The maven-publish plugin generates MD5 und SHA1 checksum files for all artifacts by default. But is there any way to make the plugin generate secure checksum files (SHA512 would be preferred)?

This is pretty easy to reproduce. I just initialized a new java-library project and added the maven-publish plugin and it's configuration

build.gradle:

apply plugin: 'java'
apply plugin: 'maven-publish'

repositories {
  jcenter()
}

dependencies {
}

publishing {
  repositories {
    maven {
      url rootProject.buildDir.path + '/repo'
    }
  }
  publications {
    mavenJava(MavenPublication) {
      groupId = 'org.gradle.sample'
      artifactId = 'project1-sample'
      version = '1.1'

      from components.java
    }
  }
}

I already consulted the gradle documentation and javadoc, but was not able to find any hints on the checksum files at all. I know I can generate checksums for the artifacts pretty easily using the ANT checksum task like this

doLast {
  ant.checksum(file: archivePath, algorithm: "SHA-512")
}

But I would somehow need to place them in the correct folder aside the actual artifacts "manually", which is something I'd like to avoid.

---

EDIT:
If it's not possible to specify the checksum algorithm, is it somehow possible to hook into the publish task and add a custom checksum file to the artifact destination folders? I don't want add the checksum files themselves as artifacts as there would be MD5 and SHA1 checksums for the checksums, which makes no sense.

Answer 1

Gradle 6.0 released in November 2019 uses SHA-256 and SHA-512 as hash algorithms by default in its maven-publish plugin. See

• https://docs.gradle.org/6.0/release-notes.html ("Publication of SHA256 and SHA512 checksums")
• https://github.com/gradle/gradle/security/advisories/GHSA-mrm8-42q4-6rm7

Note that Gradle 6.0.1 added a way to suppress the use of these newer algorithms because some artifact servers do not accept them:

• https://docs.gradle.org/6.0.1/release-notes.html ("Publication of SHA256 and SHA512 checksums")
• add -Dorg.gradle.internal.publish.checksums.insecure=true to the CLI or add systemProp.org.gradle.internal.publish.checksums.insecure=true to your gradle.properties file

Answer 2

In short

You probably can’t configure the checksum algorithms used by maven-publish as they seem to be hard-coded.

In more detail

Gradle uses Sonatype Aether from org.gradle.api.publication.maven.internal.action.MavenDeployAction to publish to Maven repositories. You can find a reference to this class in the debug log for your build:

23:23:23.232 [INFO] [org.gradle.api.publication.maven.internal.action.MavenDeployAction] Deploying to file:/tmp/foobar/build/repo/

No checksum algorithms seem to be passed there in the DeployRequest to Aether. In other words, Aether seems to choose the algorithms itself somehow.

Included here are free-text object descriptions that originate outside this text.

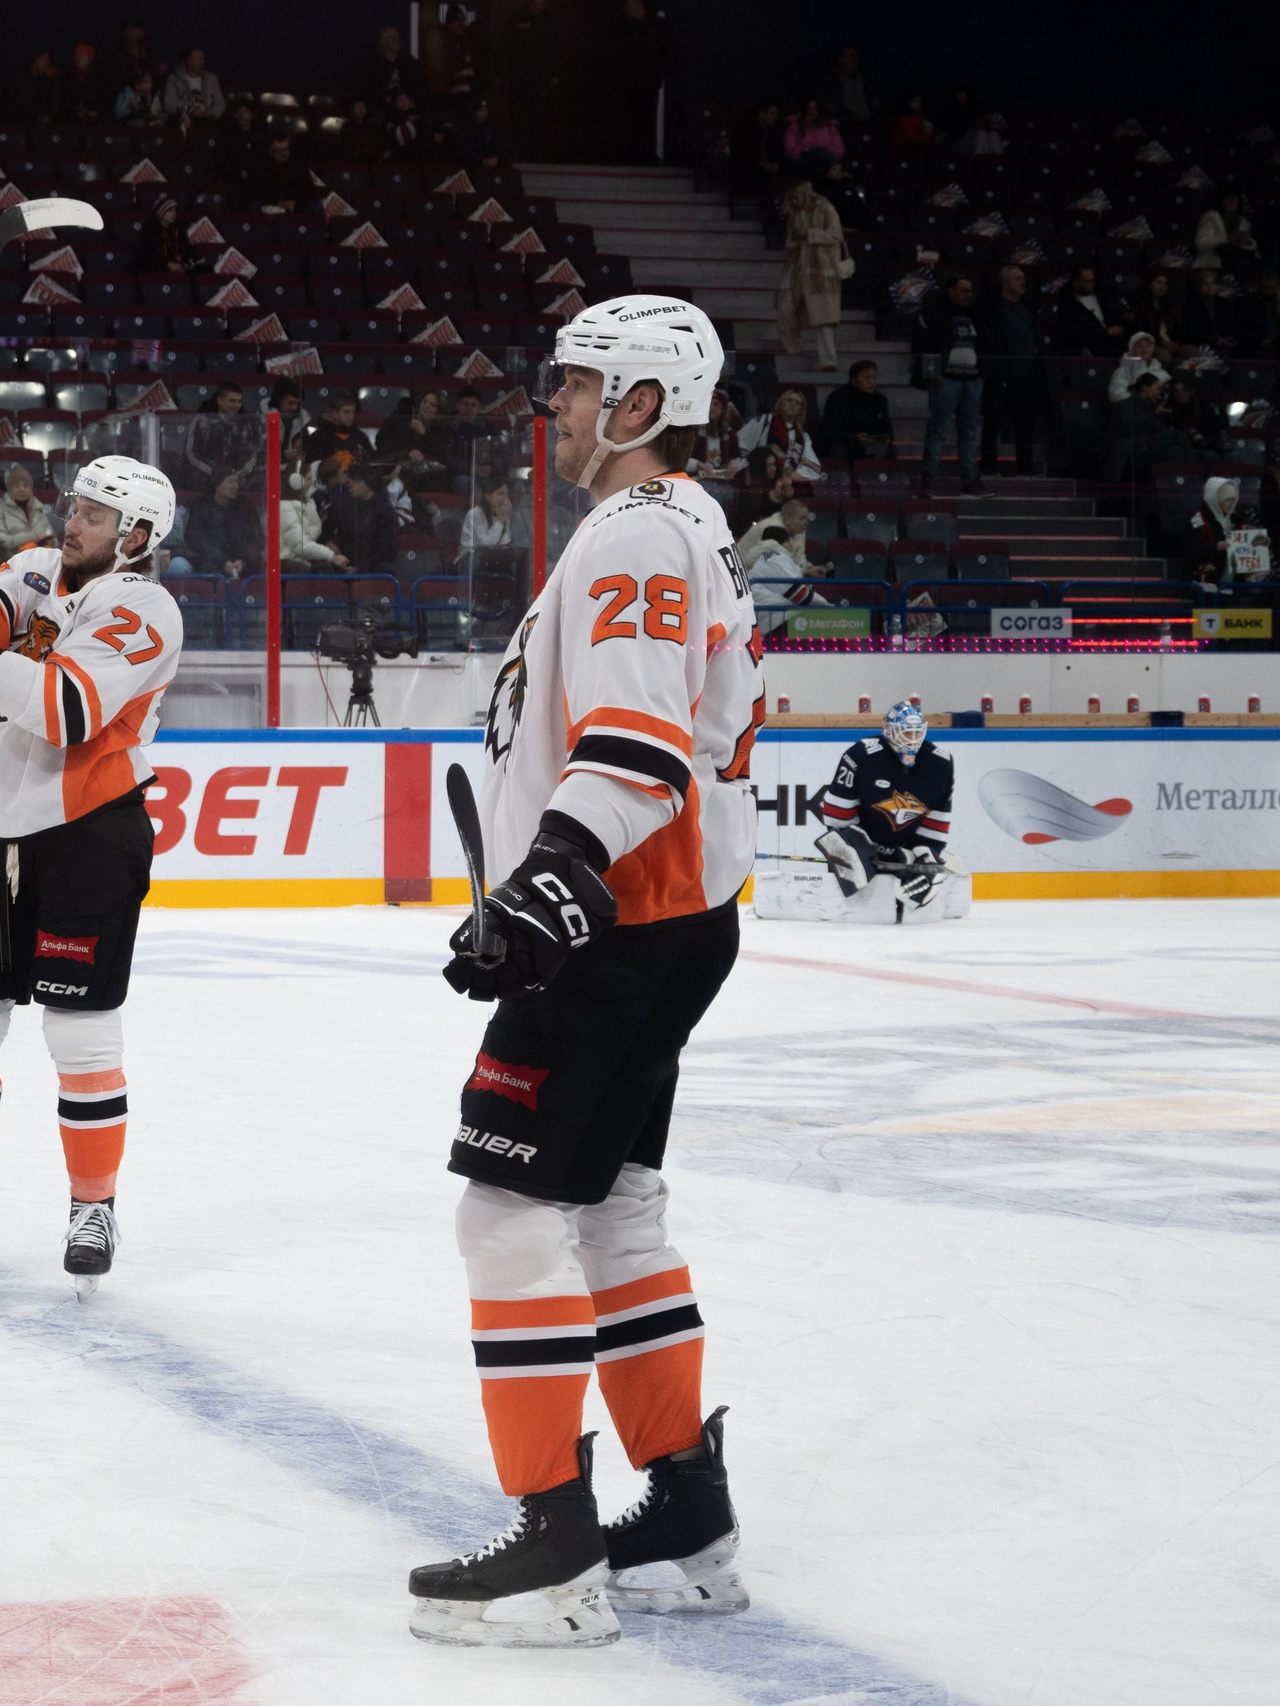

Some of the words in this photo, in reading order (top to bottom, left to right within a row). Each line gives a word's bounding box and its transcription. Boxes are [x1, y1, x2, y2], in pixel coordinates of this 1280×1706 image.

[618, 305, 687, 322] OLIMPBET
[132, 472, 168, 488] OLIMPBET
[139, 506, 160, 516] CCM
[588, 573, 690, 648] 28
[1000, 616, 1064, 631] согаз
[1224, 618, 1264, 628] БАНК
[92, 606, 164, 665] 27
[837, 766, 855, 788] 20
[1155, 782, 1280, 811] Металл
[41, 939, 67, 951] Альфа
[68, 943, 90, 954] Банк
[36, 980, 89, 996] CCM
[501, 1072, 533, 1092] Банк

Looking at this from the Aether side, the only references to sha1 in non-test files that I can find in the Aether repository are these three: 1, 2, 3. These three classes also seem to be the only (non-test) users of the calc method of org.sonatype.aether.util.ChecksumUtils for calculating checksums. In other words: no matter which of these classes are transitively used by Gradle (unless it should weirdly get the checksums from somewhere else), in each case both the SHA-1 and the MD5 checksum algorithms are hardcoded and you can’t change them.